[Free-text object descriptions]

───

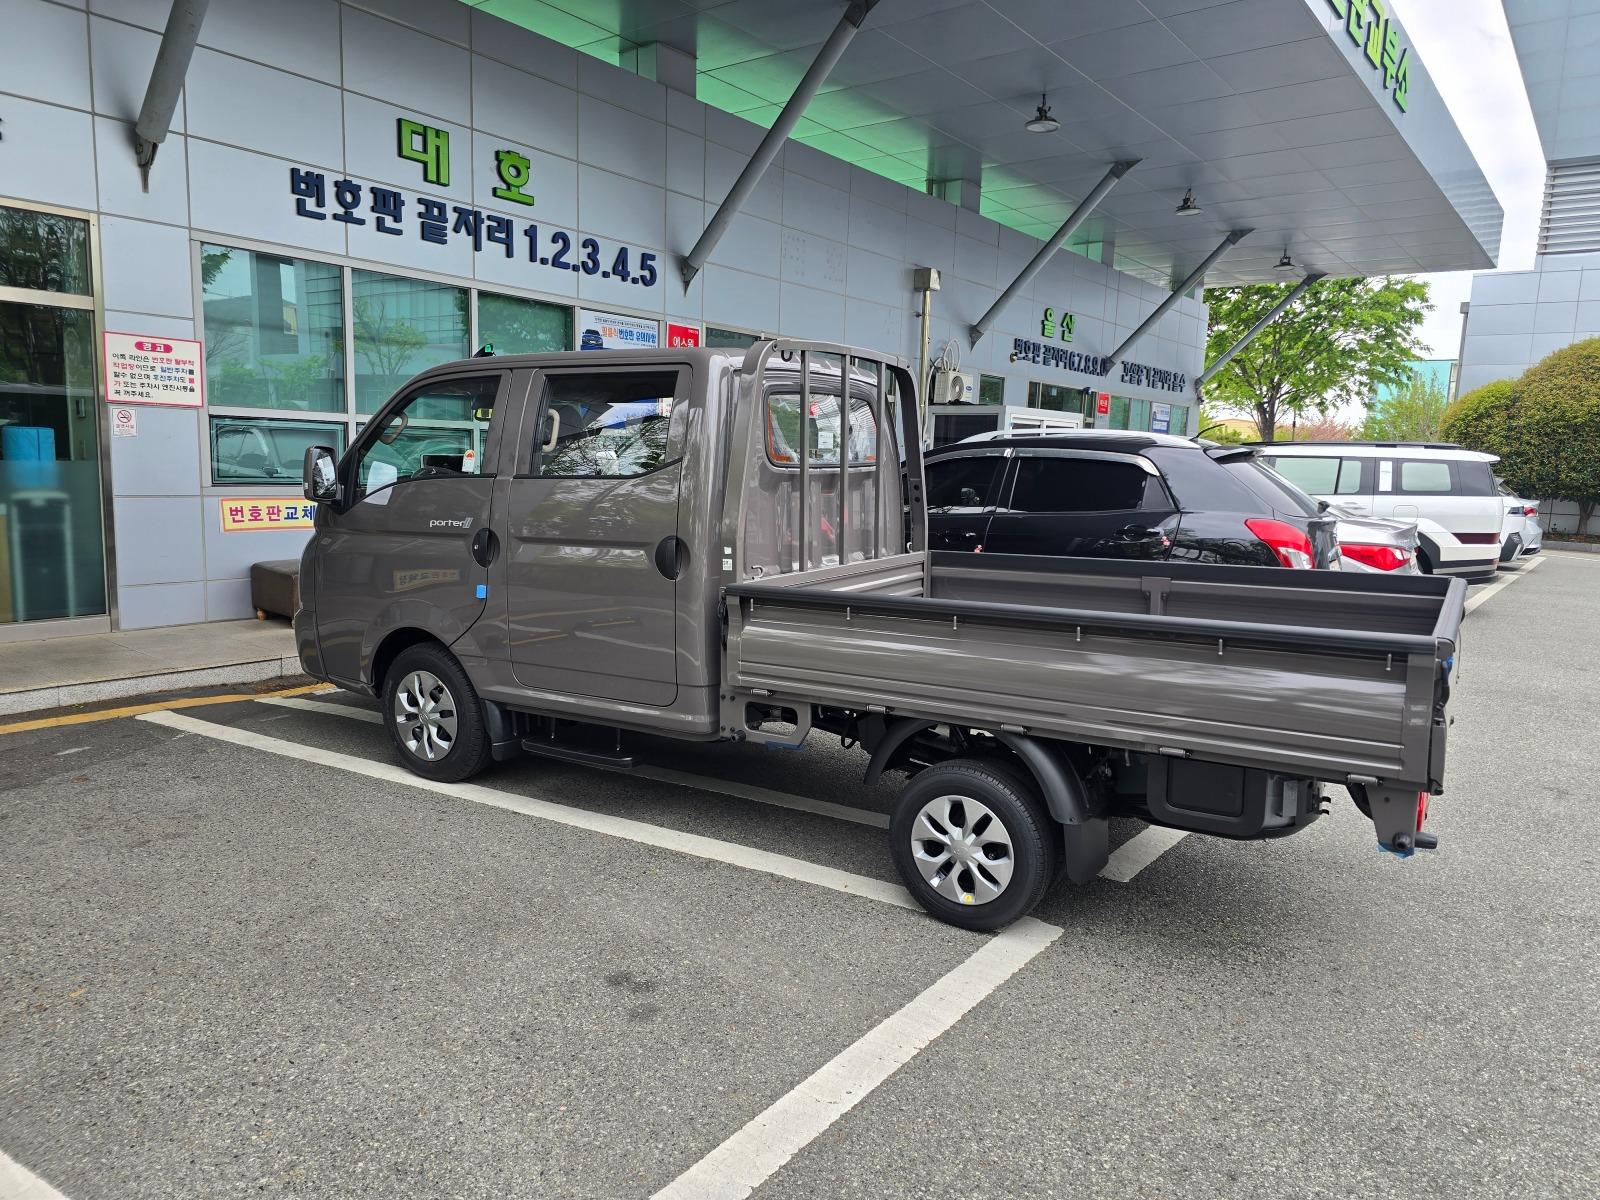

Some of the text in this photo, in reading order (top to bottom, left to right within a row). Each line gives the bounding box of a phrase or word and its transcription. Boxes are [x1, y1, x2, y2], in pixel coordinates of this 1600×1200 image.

[290, 167, 657, 287] 번호판 끝자리 1.2.3.4.5
[1042, 307, 1076, 342] 울산
[128, 354, 150, 363] 라인은
[1014, 338, 1041, 364] 번호판
[129, 372, 151, 381] 없으며

───

_ASSIGNMENT_. Could the data be reproduced exactly, with the pictures omitted?

_ANSWER_.
Some of the text in this photo, in reading order (top to bottom, left to right within a row). Each line gives the bounding box of a phrase or word and its transcription. Boxes are [x1, y1, x2, y2], in pixel coordinates of this 1600×1200 image.

[290, 167, 657, 287] 번호판 끝자리 1.2.3.4.5
[1042, 307, 1076, 342] 울산
[128, 354, 150, 363] 라인은
[1014, 338, 1041, 364] 번호판
[129, 372, 151, 381] 없으며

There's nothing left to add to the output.